Top Abstract Introduction Methods Results Discussion Appendix References

Distribution of radioactivity after localized uptake of *DG

A desheathed vagus nerve was suspended crossways in the laminar-flow chamber (Fig. 1A). It was stimulated continuously at 2 Hz, a frequency that is estimated to increase energy requirements by a factor of about 11 above the resting requirements (Ritchie, 1967; Fig. 1C). The perfusate was switched from normal Locke solution to glucose-free solution for 5 min, then a narrow band of the surface of the nerve was exposed to a solution of glucose-free Locke solution to which had been added 1 mM *DG and Evans blue (to make it visible; Fig. 1B). The application lasted 5 min, and then the nerve was perifused with Locke solution containing 5 mM unlabelled glucose for 25 min, frozen and lyophilized. The width of the mark left by the Evans blue (190-600 µm) was measured (Fig. 2A): it appeared to correspond well (to within about 100 µm) to the width directly exposed to the application, and did not become wider during the incubation. The profile of the distribution of radioactivity along the lyophilized nerve (Fig. 2B) had a bell-shaped peak centred on the point of application (Fig. 2C). Because we were incapable of reliably controlling the effectiveness of the application, we paid little attention to the absolute amount of radioactivity in the nerve; we did, however, observe that if the application was made while the nerve was perifused with solution containing 5 mM glucose, very much less radioactive substrate was taken up (n = 2). As expected, the detected emission was mainly from the superficial layers of the lyophilized nerve: when a second, unlabelled, lyophilized, nerve was placed over the radioactive peak of a lyophilized nerve, the peak was still detected but with its amplitude decreased below 10 %, i.e. most of the radiation from the underside of a nerve was absorbed before reaching the scintillant film.

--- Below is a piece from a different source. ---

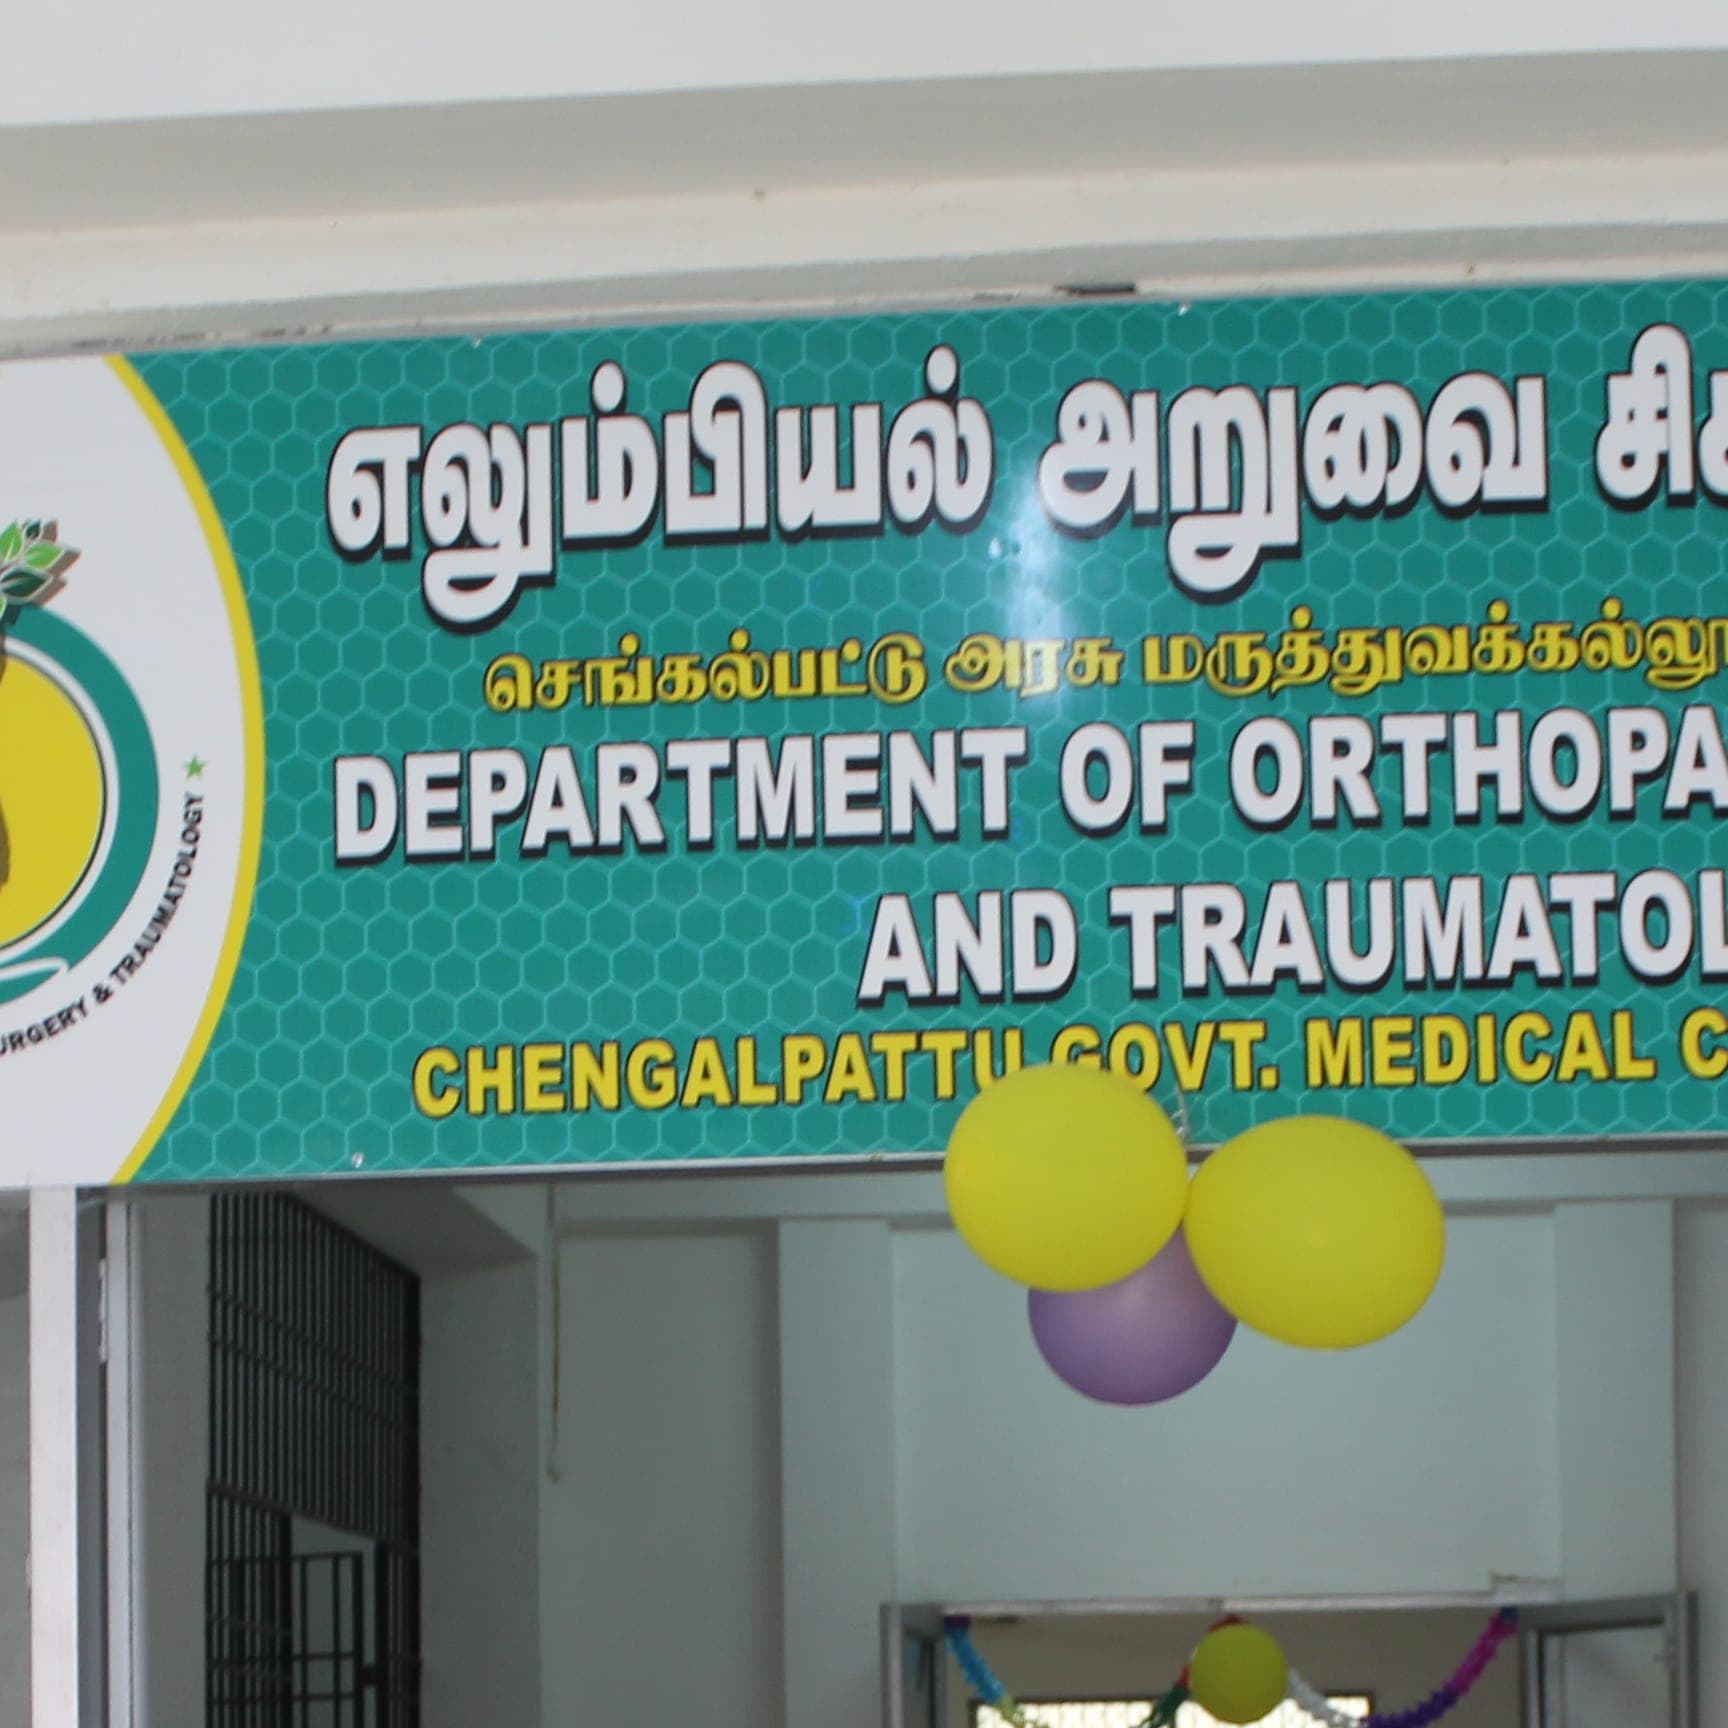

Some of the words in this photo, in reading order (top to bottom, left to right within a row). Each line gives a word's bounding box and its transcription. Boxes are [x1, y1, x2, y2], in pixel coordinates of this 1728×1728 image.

The profile of radioactivity in Fig. 2C (presumably mainly *DG-6P) extended over several times the width of the Evans blue mark and several times the mean length of the Schwann cells (0.32 mm, see Methods), but much less than the length of the axon. To check that this spread was not an artefact due to poor spatial resolution of the radio imaging, we created an abrupt step of radioactivity by applying *DG to the cut end of a nerve. Figure 2D shows that this step was faithfully imaged with 10-90 % rise in less than 83 µm, a distance small compared to the width of the other profiles.

When the incubation time after local application of *DG was varied, the profiles of the radioactivity were found to become wider with time (Fig. 3A). As a preliminary characterization of the spread we measured the width at 30 % of the peak height (W30). W30 is plotted against time up to 60 min from the beginning of the *DG application in Fig. 3B (squares). The mean width of the Evans blue mark is indicated by the height of the rectangular box, and the duration of the *DG application by its length. Other features of Fig. 3B will be considered later.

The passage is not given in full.